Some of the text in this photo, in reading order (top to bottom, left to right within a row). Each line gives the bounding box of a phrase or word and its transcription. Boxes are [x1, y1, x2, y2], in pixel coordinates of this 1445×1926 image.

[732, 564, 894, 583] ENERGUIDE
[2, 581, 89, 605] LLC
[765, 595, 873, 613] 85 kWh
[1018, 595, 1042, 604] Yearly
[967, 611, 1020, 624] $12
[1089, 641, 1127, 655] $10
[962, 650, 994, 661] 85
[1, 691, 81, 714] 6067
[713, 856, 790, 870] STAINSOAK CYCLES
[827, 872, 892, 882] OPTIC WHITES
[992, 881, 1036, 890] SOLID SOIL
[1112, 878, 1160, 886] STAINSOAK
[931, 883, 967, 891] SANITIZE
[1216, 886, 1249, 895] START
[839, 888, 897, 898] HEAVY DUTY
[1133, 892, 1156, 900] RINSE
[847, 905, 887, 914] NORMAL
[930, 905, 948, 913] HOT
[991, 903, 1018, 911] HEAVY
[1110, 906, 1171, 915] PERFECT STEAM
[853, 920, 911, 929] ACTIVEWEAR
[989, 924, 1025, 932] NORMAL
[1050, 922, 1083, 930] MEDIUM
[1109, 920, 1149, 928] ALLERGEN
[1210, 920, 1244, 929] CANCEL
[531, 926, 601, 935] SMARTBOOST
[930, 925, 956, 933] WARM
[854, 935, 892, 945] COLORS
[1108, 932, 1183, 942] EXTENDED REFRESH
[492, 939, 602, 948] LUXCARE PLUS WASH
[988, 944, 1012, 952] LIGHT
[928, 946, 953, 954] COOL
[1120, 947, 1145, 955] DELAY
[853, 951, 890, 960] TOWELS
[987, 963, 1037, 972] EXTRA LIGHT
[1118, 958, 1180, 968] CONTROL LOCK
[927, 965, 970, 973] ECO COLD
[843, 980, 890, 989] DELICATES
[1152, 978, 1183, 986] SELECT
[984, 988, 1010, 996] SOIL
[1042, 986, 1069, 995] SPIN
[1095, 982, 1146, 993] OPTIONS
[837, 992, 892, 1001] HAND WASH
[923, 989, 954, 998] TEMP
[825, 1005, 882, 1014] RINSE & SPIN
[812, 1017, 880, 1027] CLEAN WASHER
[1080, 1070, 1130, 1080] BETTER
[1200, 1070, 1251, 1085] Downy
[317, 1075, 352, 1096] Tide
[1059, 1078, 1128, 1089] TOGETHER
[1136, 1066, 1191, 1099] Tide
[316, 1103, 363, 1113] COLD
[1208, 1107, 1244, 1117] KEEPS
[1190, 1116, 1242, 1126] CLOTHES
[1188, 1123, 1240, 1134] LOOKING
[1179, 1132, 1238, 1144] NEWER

=-=-=-=-=

The required answer is a single number: how many lines above hold the string "SOIL".

2